What this task involves:
Your answer must be a word-for-word copy of the listing below, minus its pictures.

======== Records provided ========

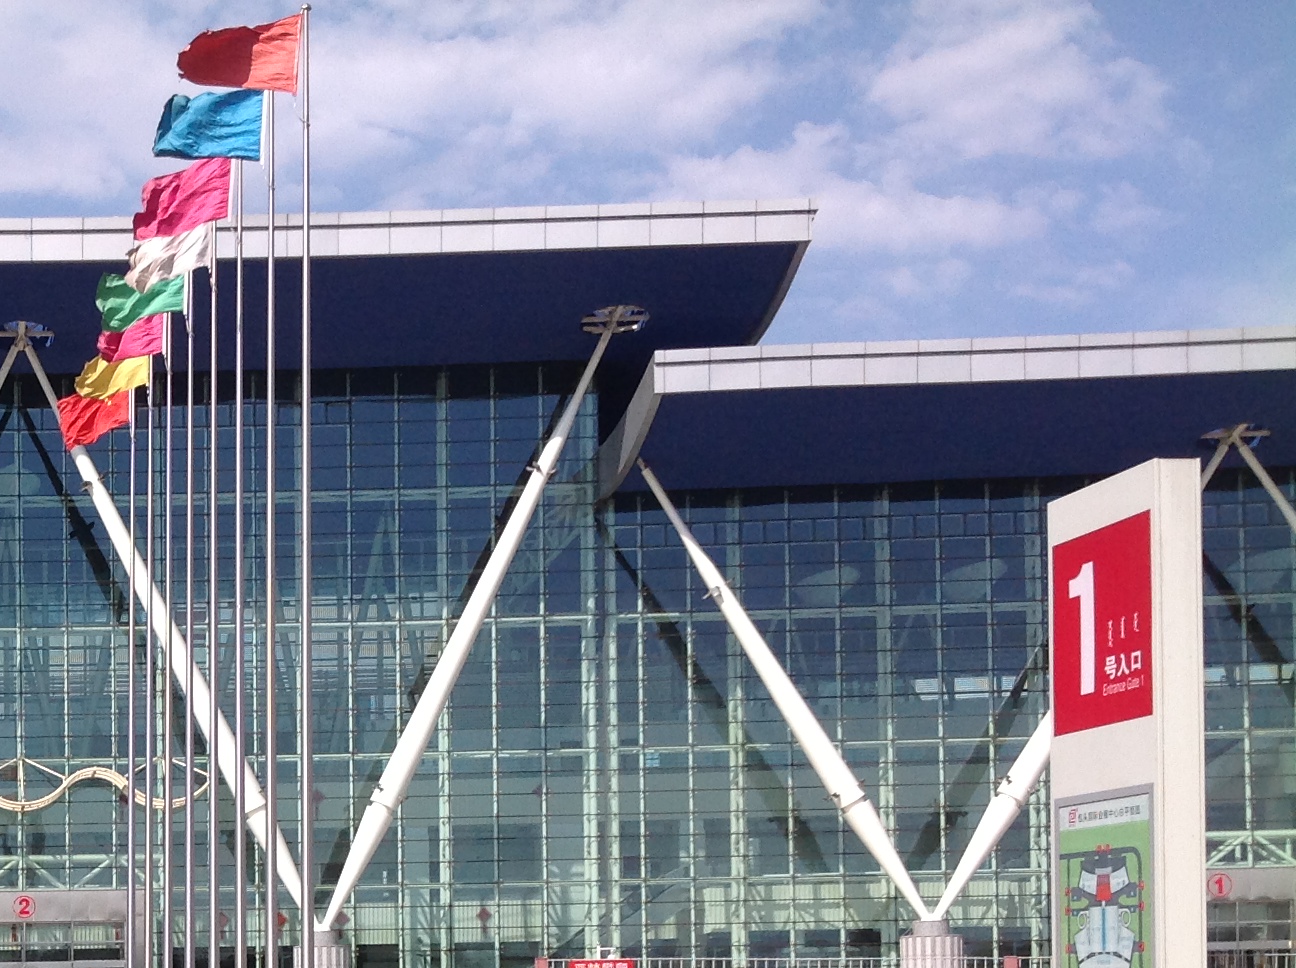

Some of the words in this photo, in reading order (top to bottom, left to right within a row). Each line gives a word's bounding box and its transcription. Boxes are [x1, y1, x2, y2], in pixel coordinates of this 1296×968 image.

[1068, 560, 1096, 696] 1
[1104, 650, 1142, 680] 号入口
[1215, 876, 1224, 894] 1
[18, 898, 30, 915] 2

========

Answer section:
Some of the words in this photo, in reading order (top to bottom, left to right within a row). Each line gives a word's bounding box and its transcription. Boxes are [x1, y1, x2, y2], in pixel coordinates of this 1296×968 image.

[1068, 560, 1096, 696] 1
[1104, 650, 1142, 680] 号入口
[1215, 876, 1224, 894] 1
[18, 898, 30, 915] 2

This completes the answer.